Le calendrier n’est pas anodin non plus. Amazon cherche à relancer un Alexa dont l’adoption grand public a stagné ces dernières années, face à des concurrents comme Google et son assistant Gemini. Cette annonce s’inscrit dans la stratégie d’Amazon pour relancer Alexa, dont l’adoption a été plus compliquée que prévu ces dernières années, avec Alexa+ cherchant à concurrencer les assistants dopés à l’IA. Miser sur le cloud, c’est aussi miser sur la capacité à entraîner et affiner ces modèles avec un flux constant de voix réelles, dans des accents et des situations variées.

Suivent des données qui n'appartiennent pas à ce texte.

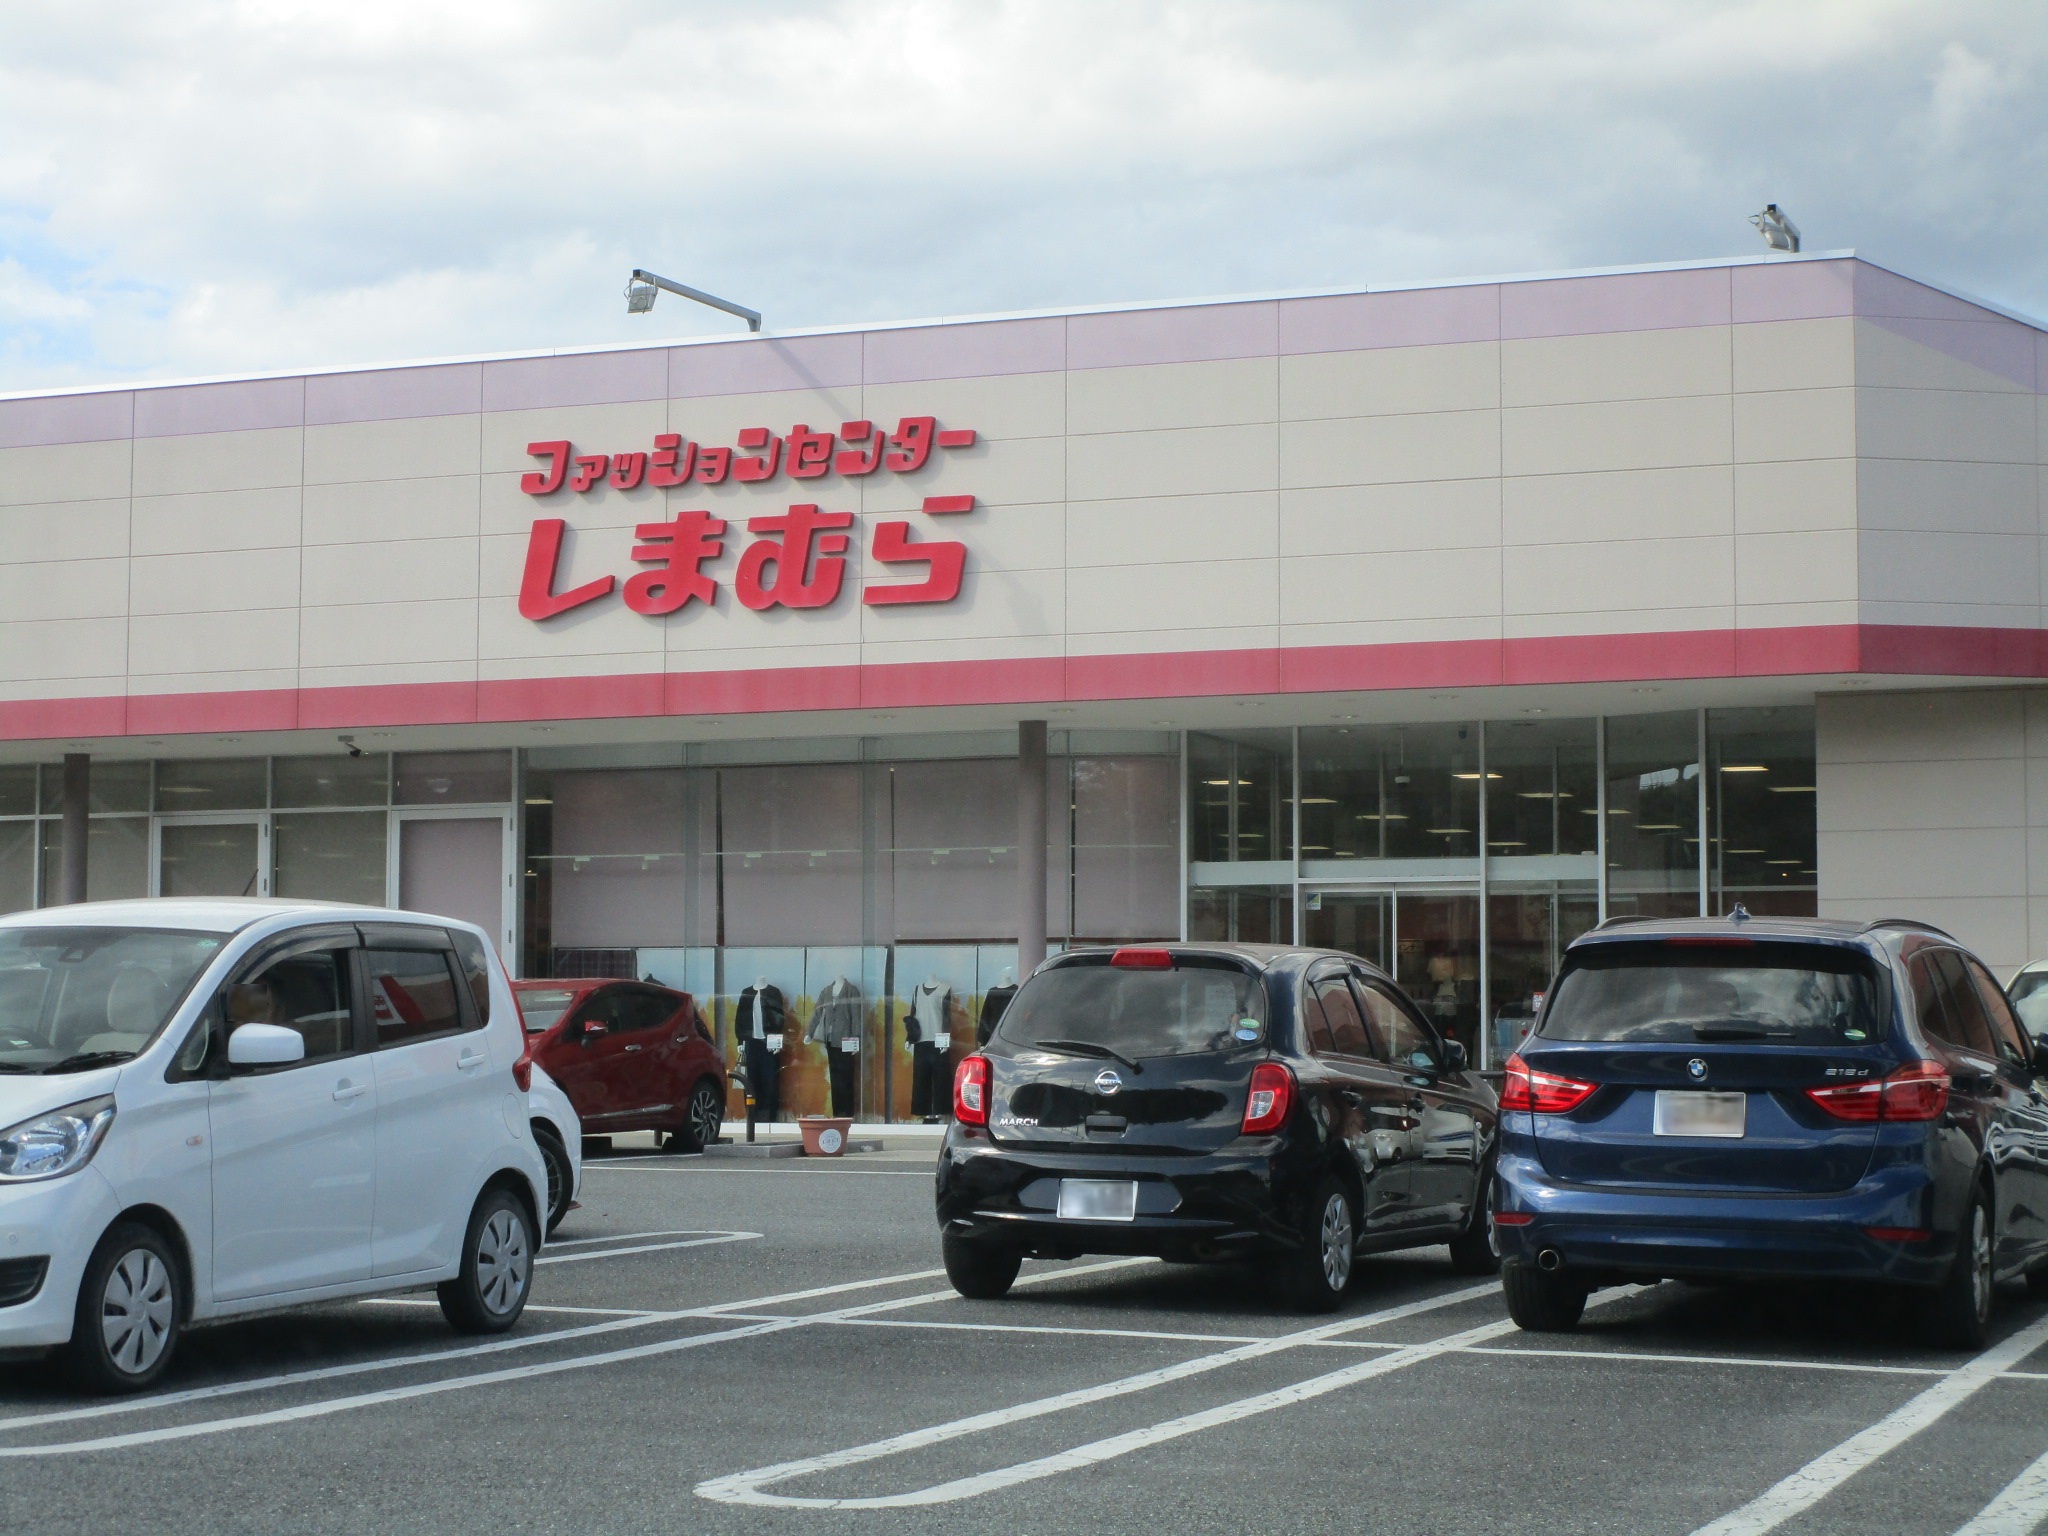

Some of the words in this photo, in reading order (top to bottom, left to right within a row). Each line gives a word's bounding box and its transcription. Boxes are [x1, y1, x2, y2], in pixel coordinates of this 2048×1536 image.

Ce qu’il reste vraiment entre vos mains

Amazon assure ne pas abandonner totalement les utilisateurs. “Starting on March 28, your voice recordings will be sent to and processed in the cloud, and they will be deleted after Alexa processes your requests,” précisait l’email envoyé aux clients concernés. En clair, l’option qui subsiste s’appelle “Ne pas sauvegarder les enregistrements” : elle n’empêche plus l’envoi vers le cloud, mais promet une suppression après traitement.

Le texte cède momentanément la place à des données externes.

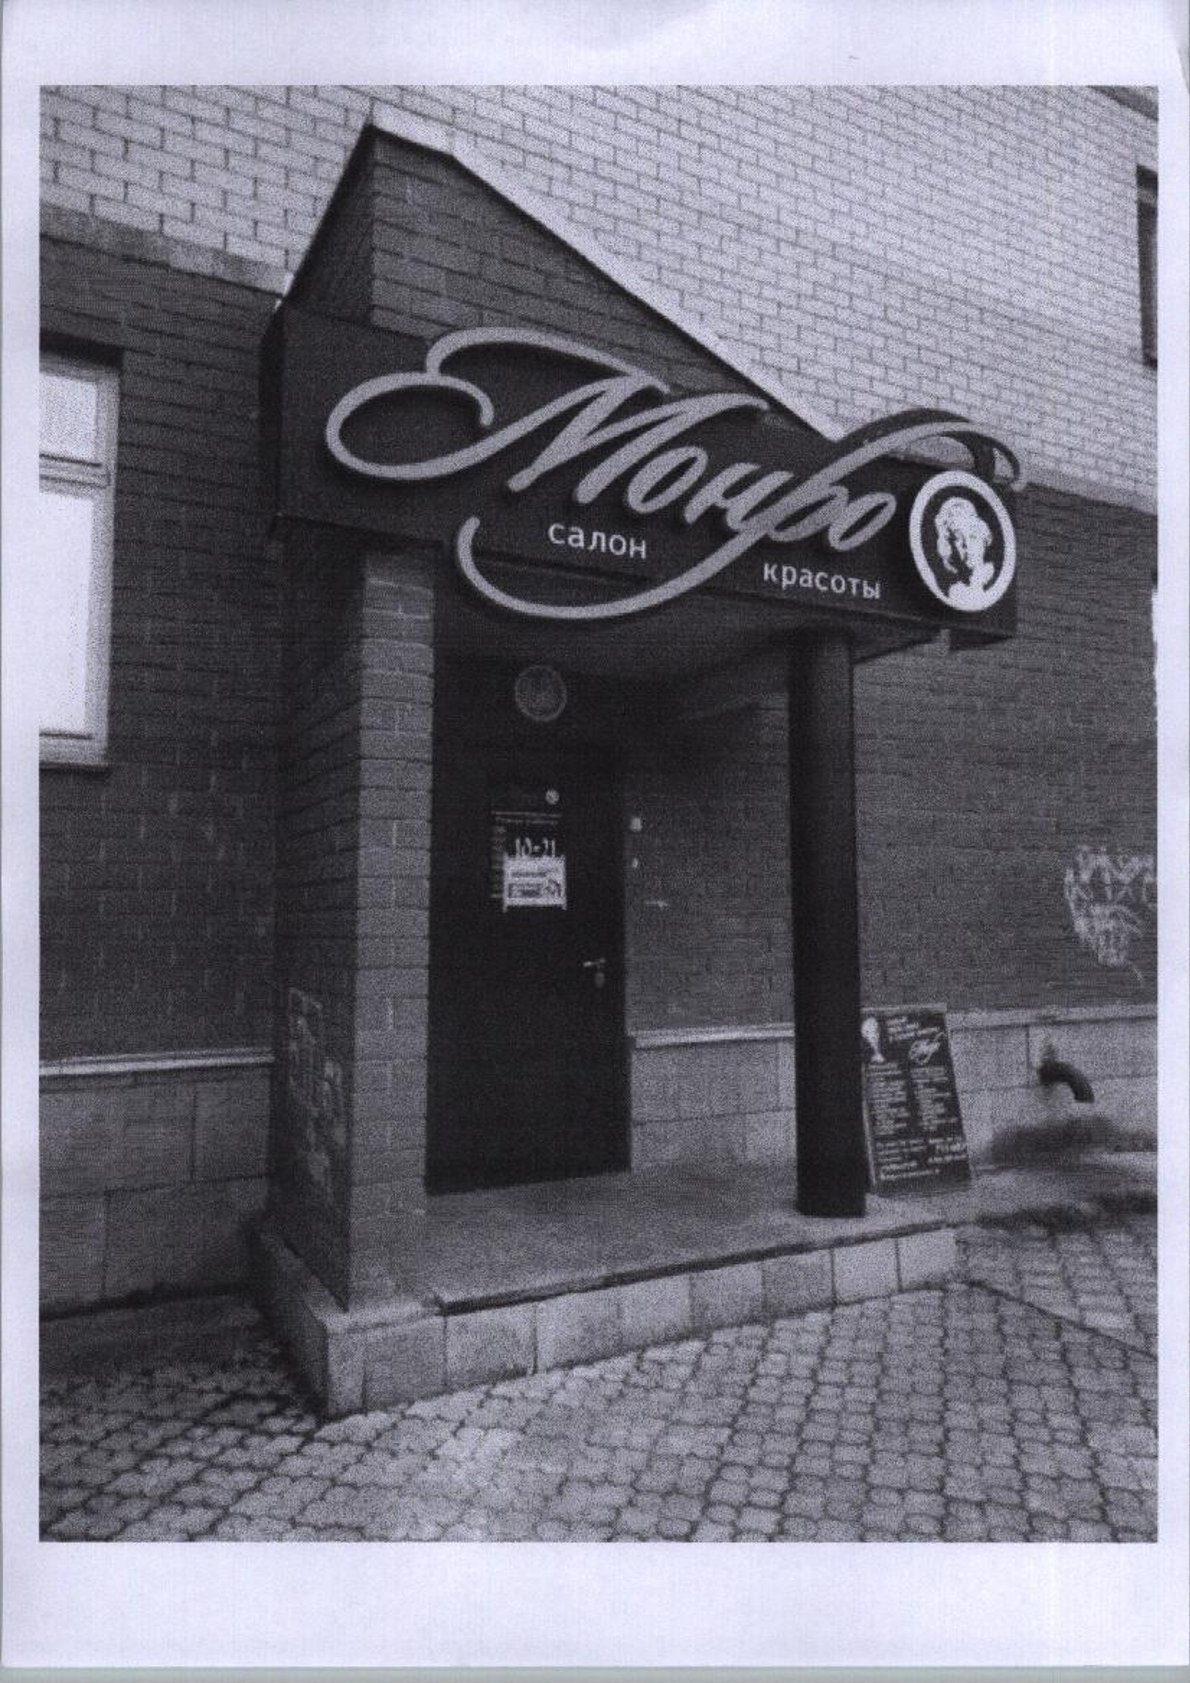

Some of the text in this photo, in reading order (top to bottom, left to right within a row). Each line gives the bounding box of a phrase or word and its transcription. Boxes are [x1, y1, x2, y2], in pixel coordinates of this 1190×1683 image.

[325, 327, 1022, 620] Монро
[547, 521, 882, 600] салон красоты

Le hic, c’est que cette option a un coût caché, rarement mis en avant dans les communications officielles. Si le réglage des enregistrements vocaux est basculé sur “Ne pas sauvegarder les enregistrements”, la reconnaissance vocale personnalisée (Voice ID) ne fonctionnera plus et il ne sera plus possible de créer un profil vocal individuel pour accéder à des fonctions personnalisées. préserver un minimum de discrétion revient à renoncer à ce qu’Alexa vous reconnaisse à la voix, distingue les membres du foyer, ou adapte ses réponses à chacun. Un vrai dilemme, entre confort d’usage et exposition minimale des données.

Ce recul n’a pas non plus été présenté avec la transparence qu’on pourrait attendre d’un changement de cette ampleur. Amazon n’a pas formellement annoncé ce changement, et la page d’aide dédiée à la fonctionnalité ne mentionnait toujours pas sa disparition prévue pour le 28 mars. C’est un email discret, repéré et relayé sur les réseaux sociaux, qui a mis la puce à l’oreille des premiers utilisateurs concernés, avant que la presse spécialisée ne s’en empare largement.

Le bon réflexe désormais

Effacer son historique vocal dans l’application Alexa reste un geste utile pour faire le ménage, mais il n’a plus aucun effet sur ce qui a déjà été transmis et analysé côté serveur au moment de la requête. Le vrai levier de contrôle se trouve dans les paramètres de confidentialité liés aux enregistrements, là où se joue la décision de sauvegarde ou de suppression immédiate après traitement, quitte à sacrifier la reconnaissance vocale personnalisée. Pour les foyers équipés d’un Echo Dot de quatrième génération, d’un Echo Show 10 ou 15, ceux qui avaient justement configuré le traitement local en toute connaissance de cause, le changement a un goût amer : une fonctionnalité pensée précisément pour eux a été retirée au nom d’une intelligence artificielle qu’ils n’avaient pas forcément demandée.